• [Exercise instructions]
All entries should be copied exactly; the pictures stay out.

== Segment start ==

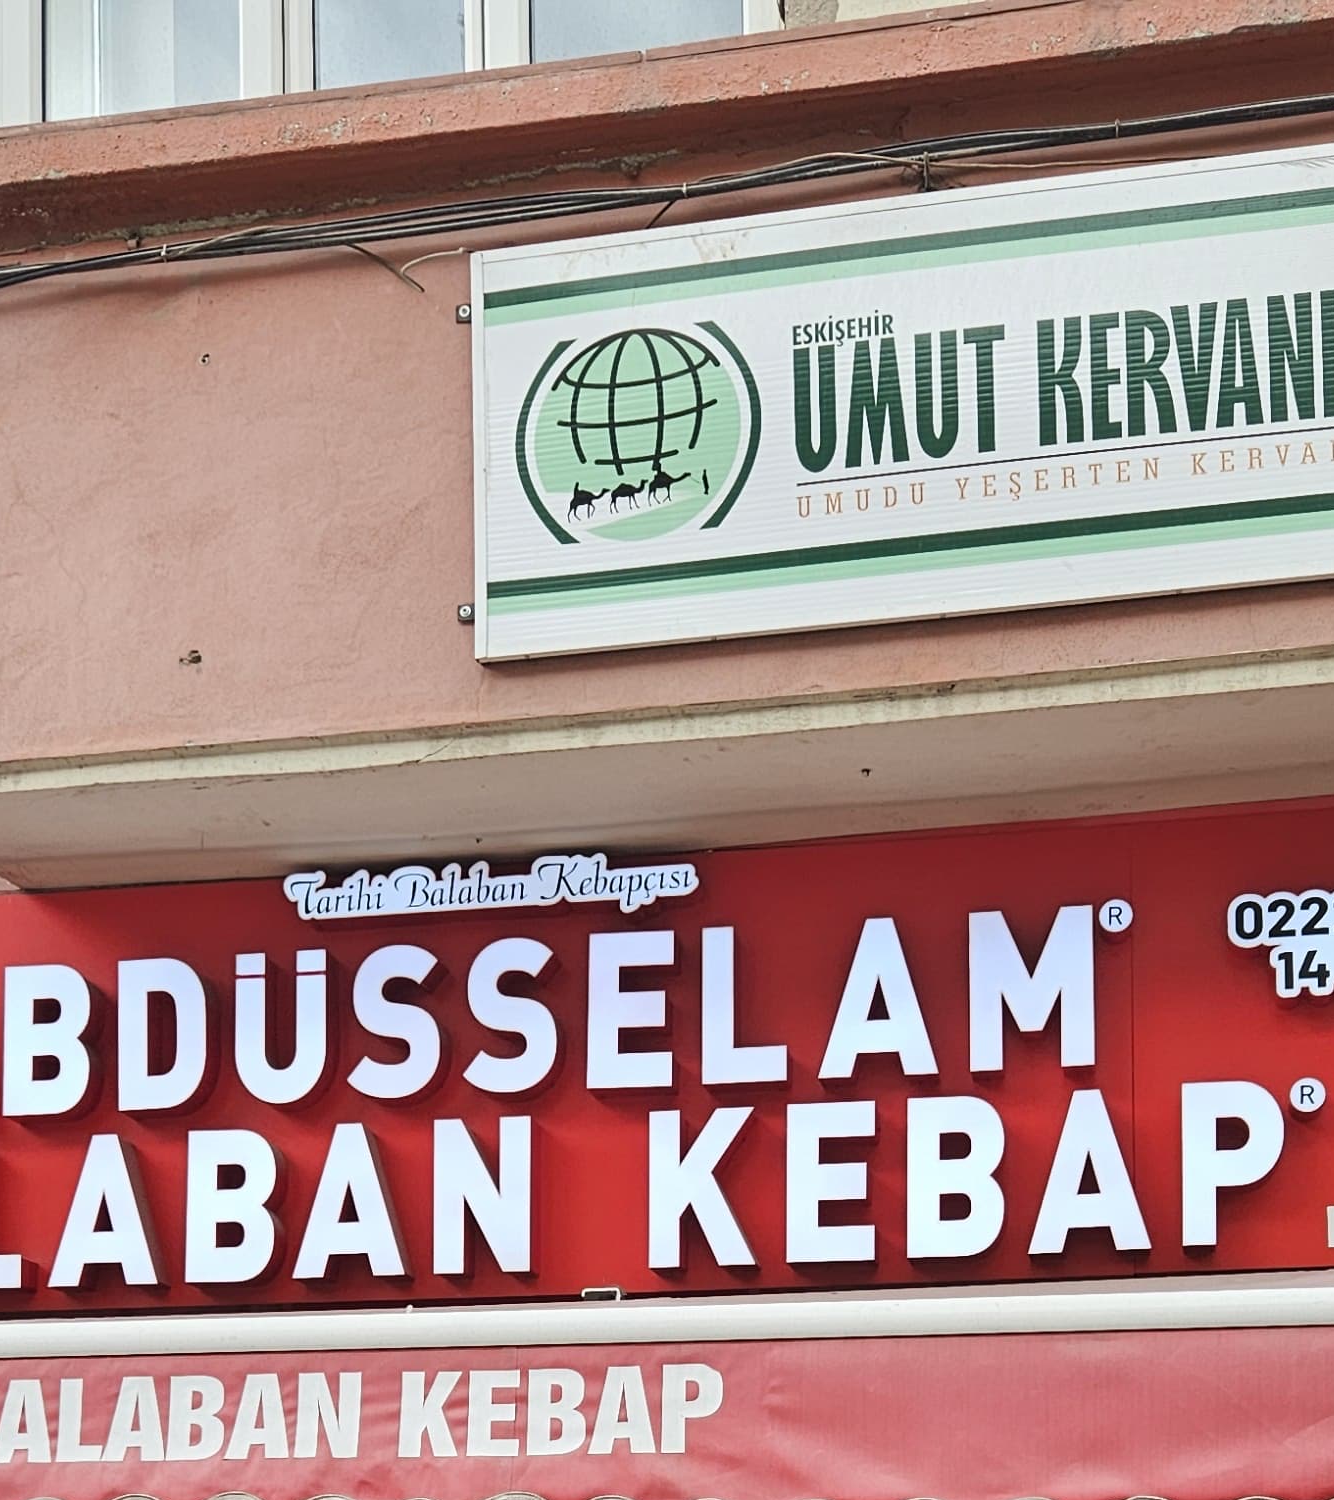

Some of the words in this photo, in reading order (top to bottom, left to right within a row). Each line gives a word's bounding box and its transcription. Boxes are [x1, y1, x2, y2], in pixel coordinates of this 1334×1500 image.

[792, 309, 894, 347] ESKİŞEHİR
[793, 324, 1005, 474] UMUT
[796, 483, 927, 518] UMUDU
[955, 457, 1161, 501] YEŞERTEN
[290, 877, 384, 915] Tarihi
[394, 868, 528, 909] Balaban
[537, 859, 694, 908] Kebapçısı
[1278, 949, 1330, 989] 14
[647, 1080, 1286, 1269] KEBAP
[396, 1363, 724, 1459] KEBAP

== Segment end ==

• [Reply to the exercise]
Some of the words in this photo, in reading order (top to bottom, left to right within a row). Each line gives a word's bounding box and its transcription. Boxes are [x1, y1, x2, y2], in pixel coordinates of this 1334×1500 image.

[792, 309, 894, 347] ESKİŞEHİR
[793, 324, 1005, 474] UMUT
[796, 483, 927, 518] UMUDU
[955, 457, 1161, 501] YEŞERTEN
[290, 877, 384, 915] Tarihi
[394, 868, 528, 909] Balaban
[537, 859, 694, 908] Kebapçısı
[1278, 949, 1330, 989] 14
[647, 1080, 1286, 1269] KEBAP
[396, 1363, 724, 1459] KEBAP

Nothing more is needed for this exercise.